__Aim of the exercise__:
The answer should consist of the records below, repeated exactly, and no pictures.

[Opening Material for this task section]

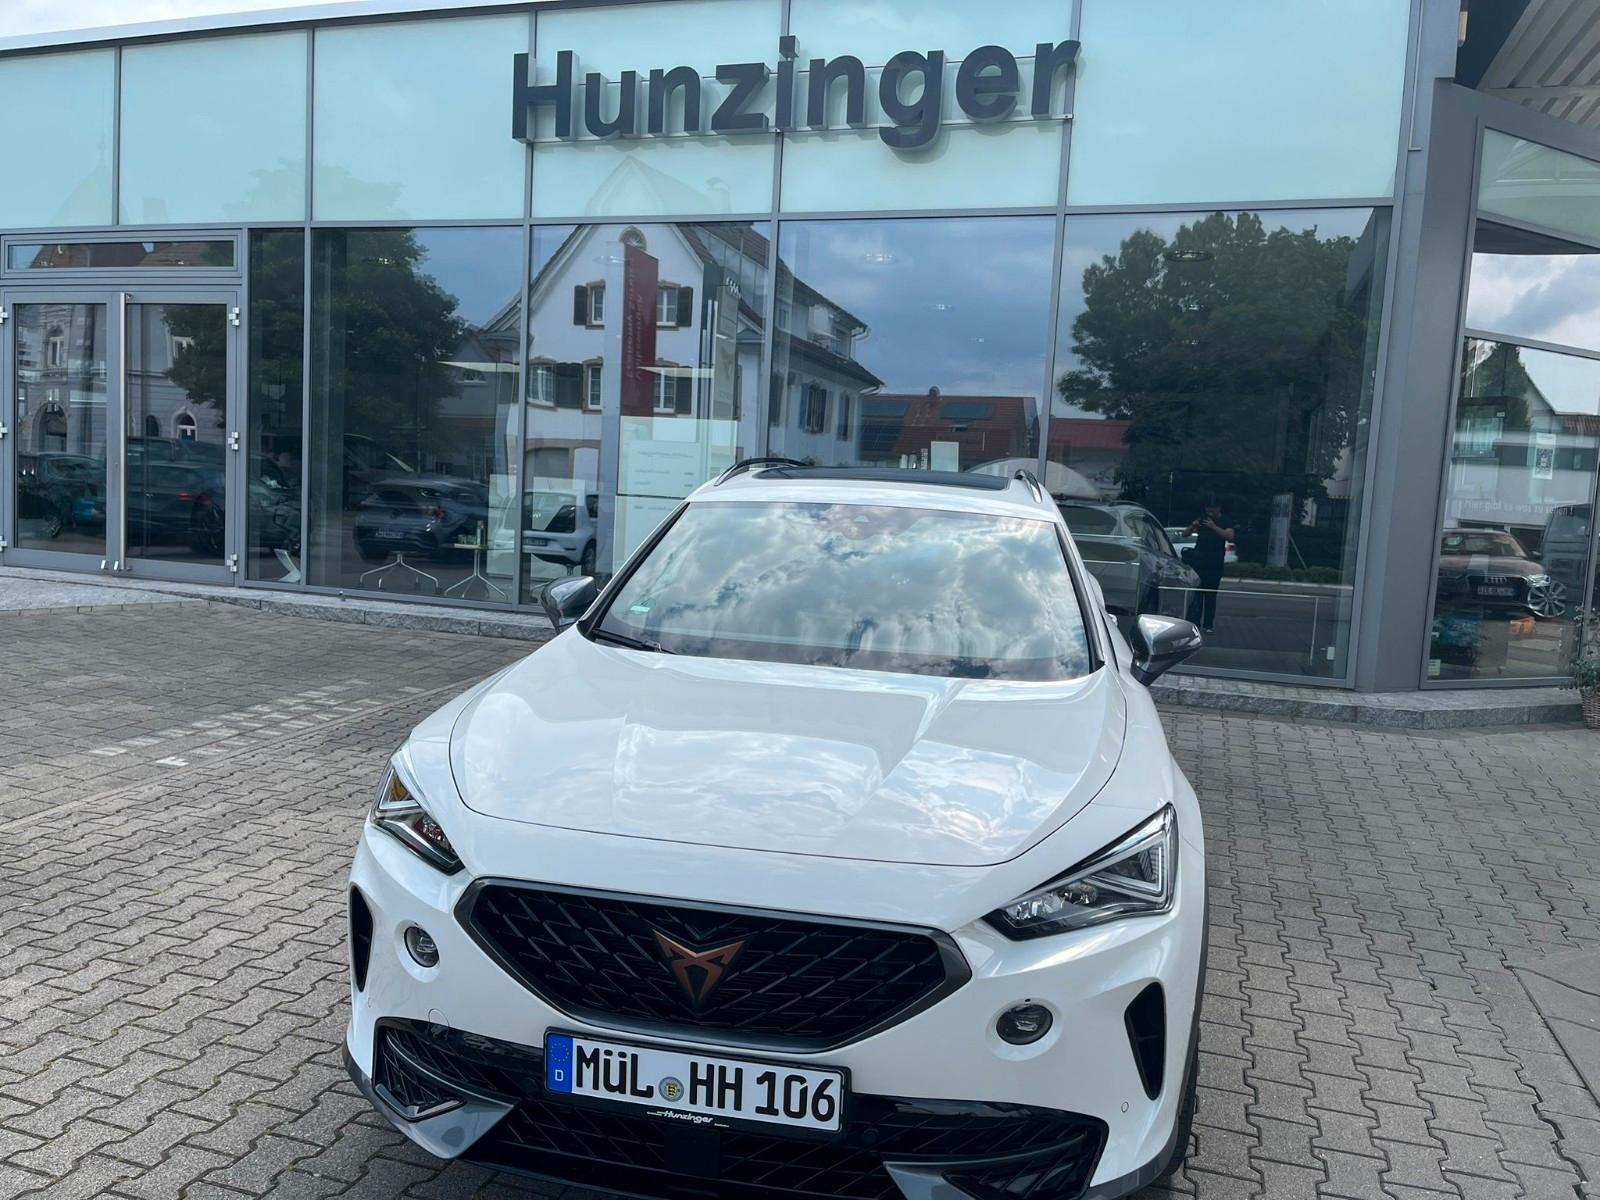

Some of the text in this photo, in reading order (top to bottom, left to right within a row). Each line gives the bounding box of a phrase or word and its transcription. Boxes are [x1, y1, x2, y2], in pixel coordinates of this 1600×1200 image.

[511, 35, 1081, 150] Hunzinger
[555, 1069, 564, 1082] D
[689, 1061, 743, 1111] HH
[755, 1071, 836, 1122] 106
[664, 1110, 713, 1124] Hunzinger
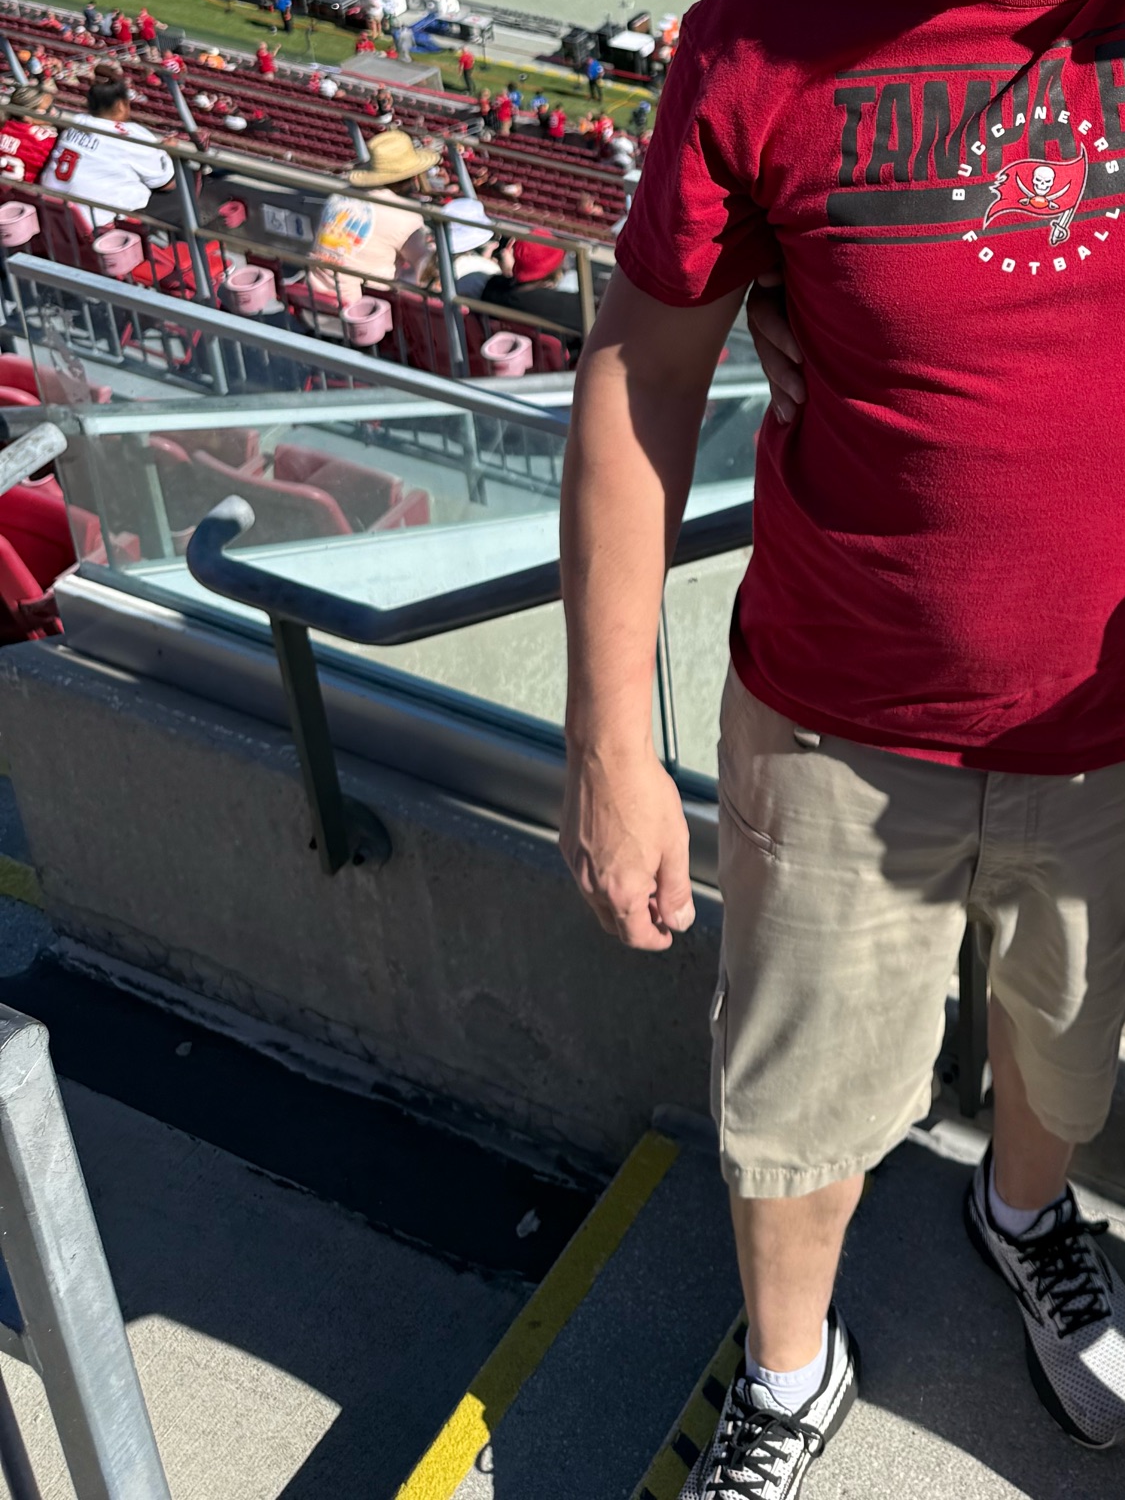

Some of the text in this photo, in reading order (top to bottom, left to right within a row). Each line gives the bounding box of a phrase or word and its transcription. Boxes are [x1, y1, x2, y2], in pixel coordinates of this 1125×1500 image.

[834, 57, 1078, 188] TAMPA
[952, 106, 1120, 202] BUCCANEERS
[962, 208, 1120, 274] FOOTBALL
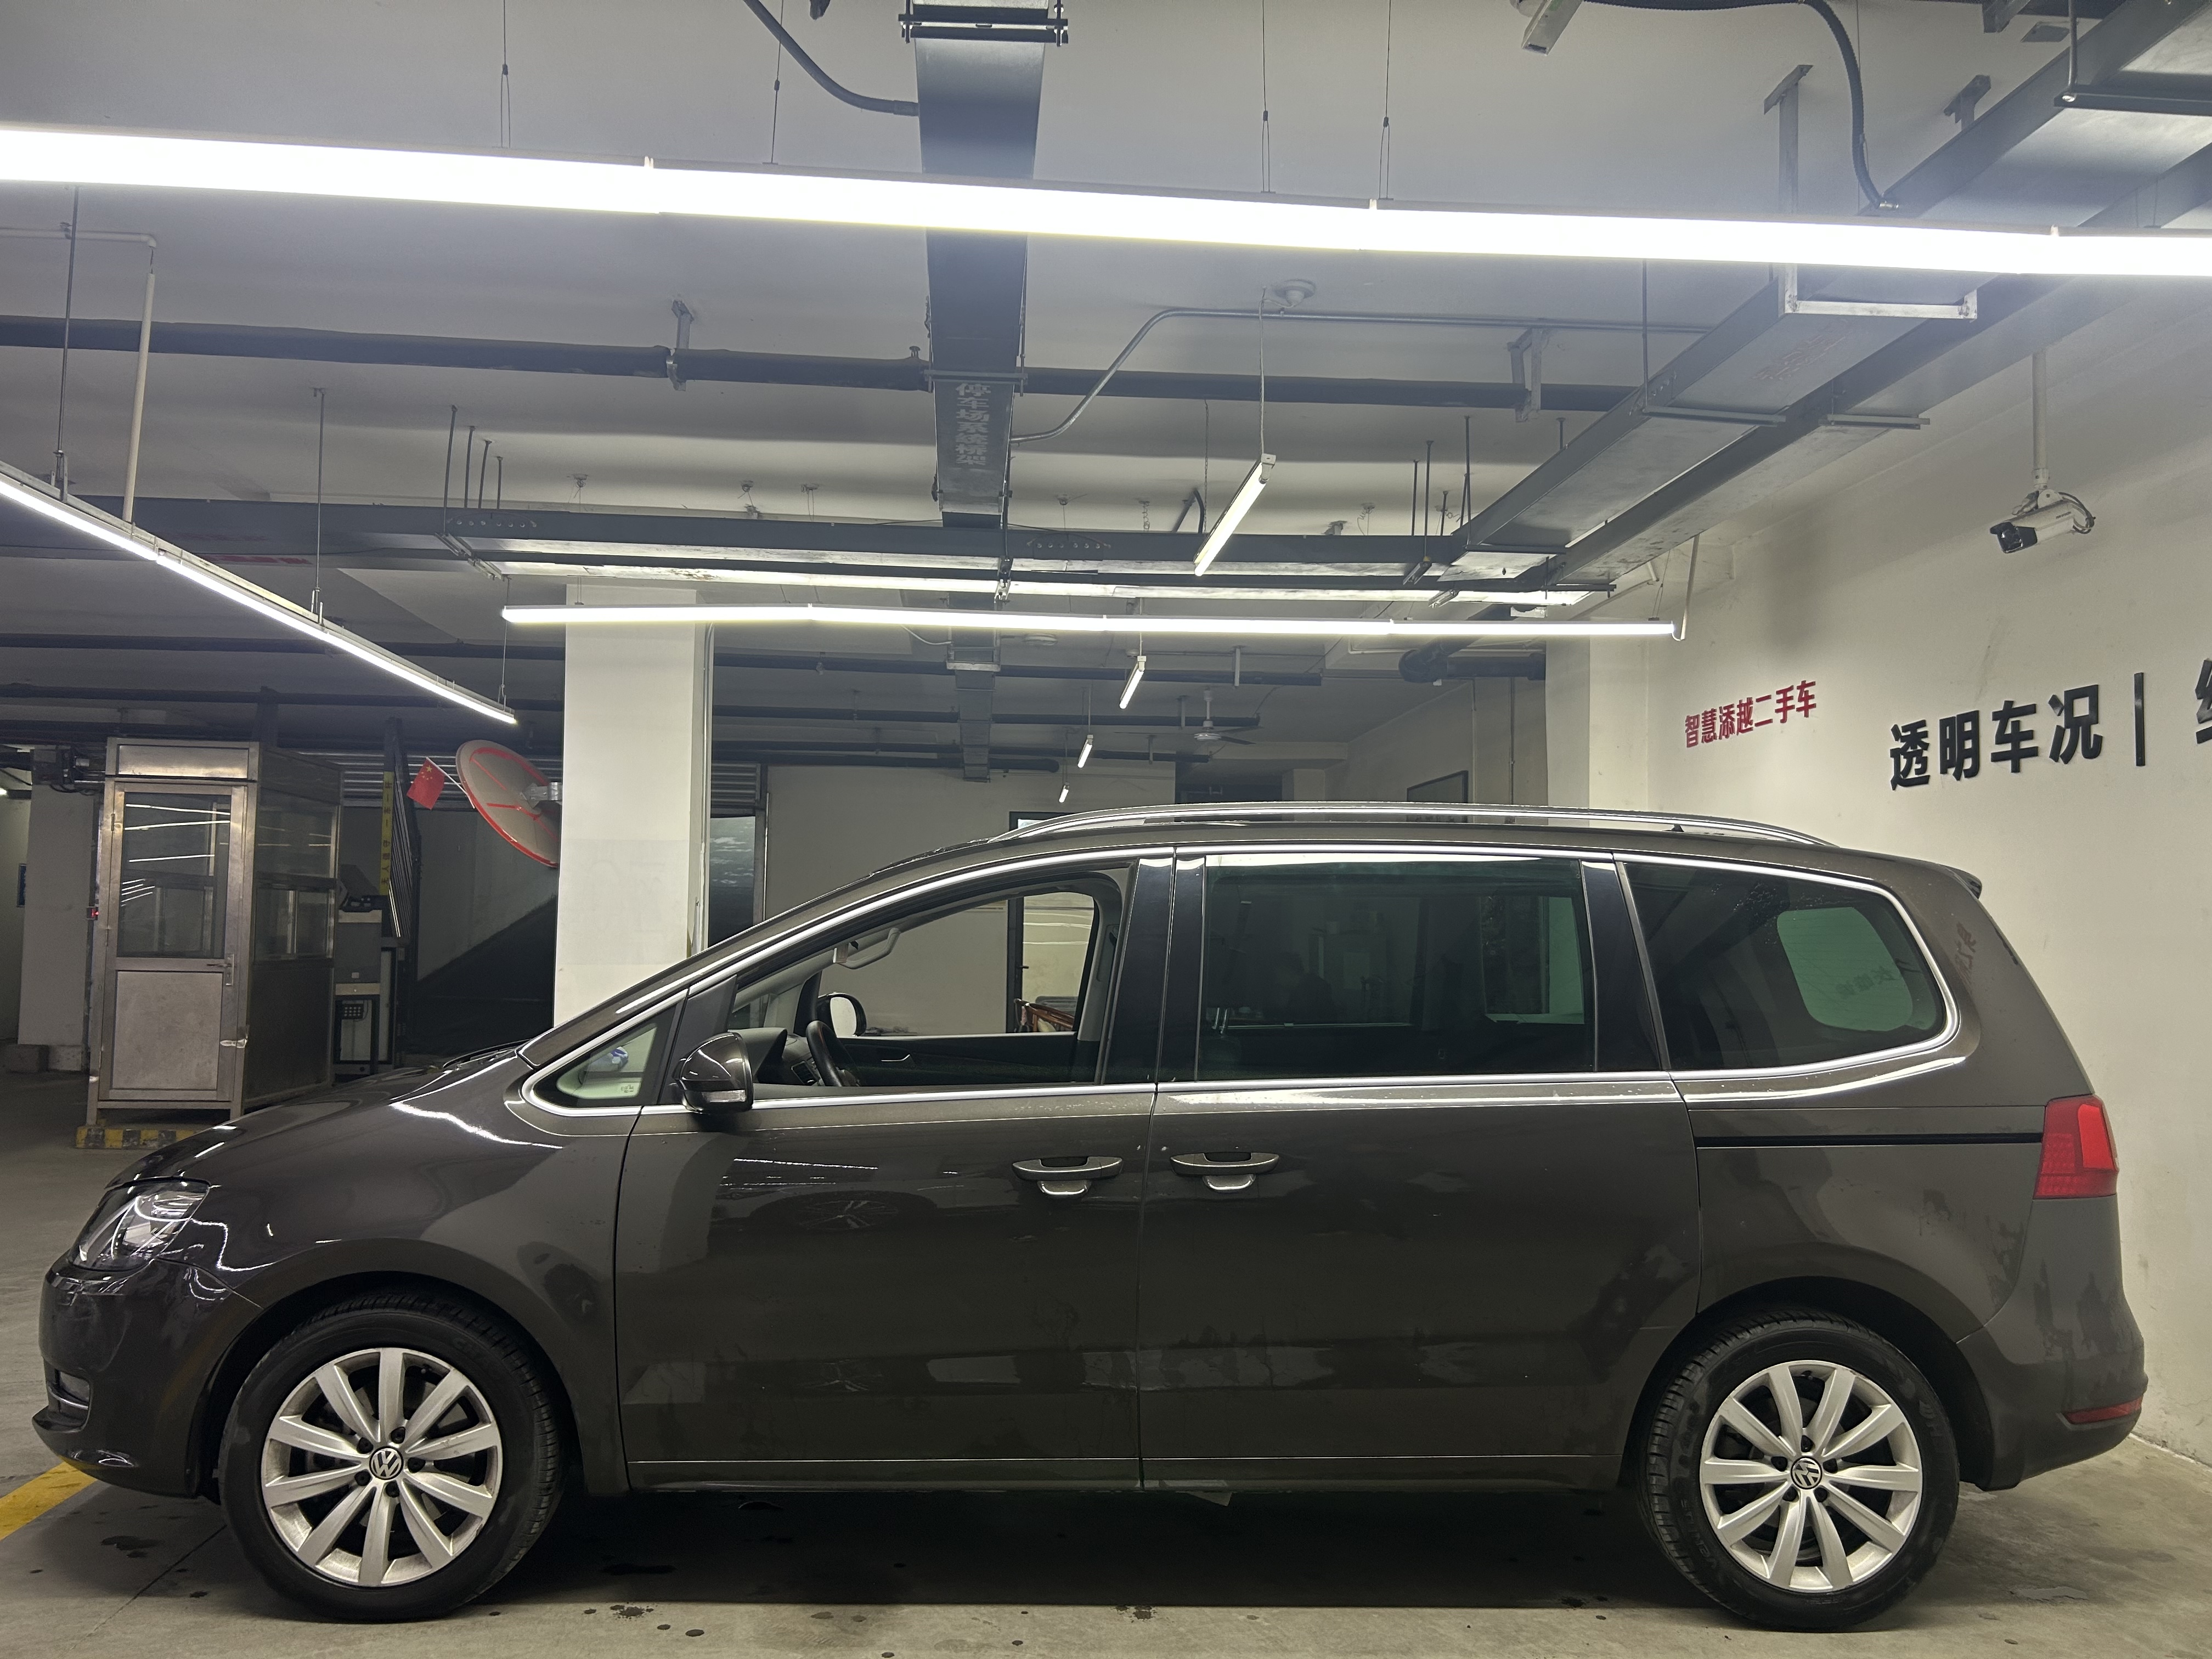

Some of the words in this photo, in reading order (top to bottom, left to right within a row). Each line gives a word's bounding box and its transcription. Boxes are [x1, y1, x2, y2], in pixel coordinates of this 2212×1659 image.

[Closing Material for this task section]

__Output of the task__:
Some of the text in this photo, in reading order (top to bottom, left to right within a row). Each line gives the bounding box of a phrase or word and its transcription. Boxes are [x1, y1, x2, y2], in pixel coordinates of this 1600×1200 image.

[511, 35, 1081, 150] Hunzinger
[555, 1069, 564, 1082] D
[689, 1061, 743, 1111] HH
[755, 1071, 836, 1122] 106
[664, 1110, 713, 1124] Hunzinger

Some of the text in this photo, in reading order (top to bottom, left to right within a row). Each line gives the bounding box of a phrase or word and its transcription. Boxes are [x1, y1, x2, y2], in pixel coordinates of this 1125×1500 image.

[834, 57, 1078, 188] TAMPA
[952, 106, 1120, 202] BUCCANEERS
[962, 208, 1120, 274] FOOTBALL

Some of the words in this photo, in reading order (top to bottom, left to right within a row). Each line gives a word's bounding box and its transcription. Boxes are [x1, y1, x2, y2], in pixel coordinates of this 2212×1659 image.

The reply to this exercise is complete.